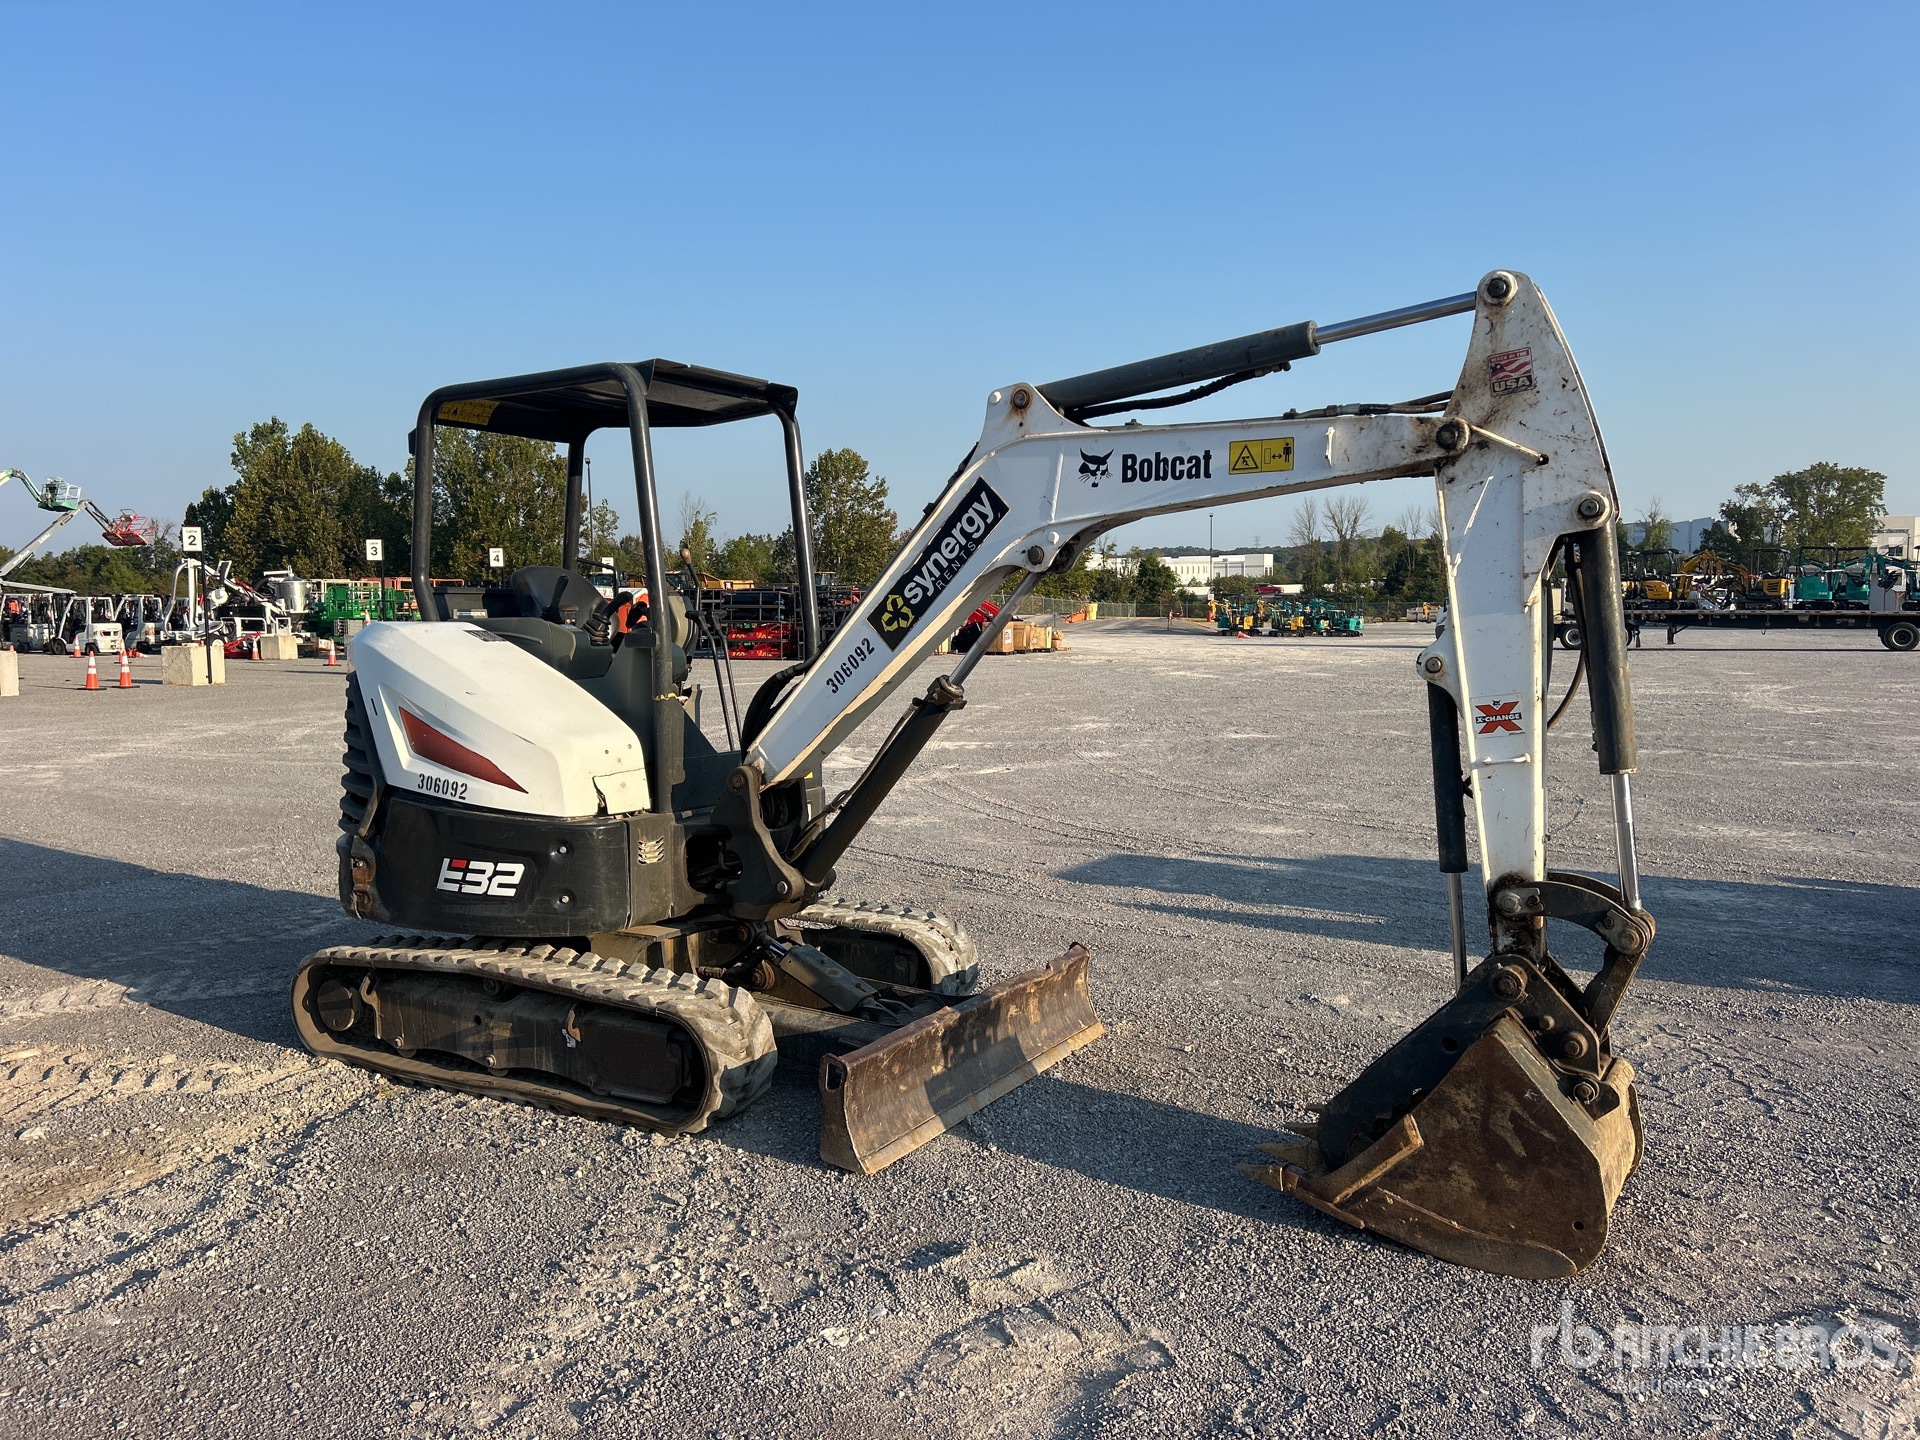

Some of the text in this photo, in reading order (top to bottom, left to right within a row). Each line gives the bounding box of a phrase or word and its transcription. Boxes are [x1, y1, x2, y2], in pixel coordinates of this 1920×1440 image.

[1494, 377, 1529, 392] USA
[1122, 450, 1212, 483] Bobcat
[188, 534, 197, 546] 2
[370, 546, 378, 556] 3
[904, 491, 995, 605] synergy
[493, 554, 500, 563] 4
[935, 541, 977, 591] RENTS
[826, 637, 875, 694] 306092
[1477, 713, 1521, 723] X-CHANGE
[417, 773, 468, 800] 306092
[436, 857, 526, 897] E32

Description of the task: Write the listing out exactly, word for word, but omit the pictures.

Answer box:
Some of the text in this photo, in reading order (top to bottom, left to right within a row). Each line gives the bounding box of a phrase or word and its transcription. Boxes are [x1, y1, x2, y2], in pixel coordinates of this 1920×1440 image.

[1494, 377, 1529, 392] USA
[1122, 450, 1212, 483] Bobcat
[188, 534, 197, 546] 2
[370, 546, 378, 556] 3
[904, 491, 995, 605] synergy
[493, 554, 500, 563] 4
[935, 541, 977, 591] RENTS
[826, 637, 875, 694] 306092
[1477, 713, 1521, 723] X-CHANGE
[417, 773, 468, 800] 306092
[436, 857, 526, 897] E32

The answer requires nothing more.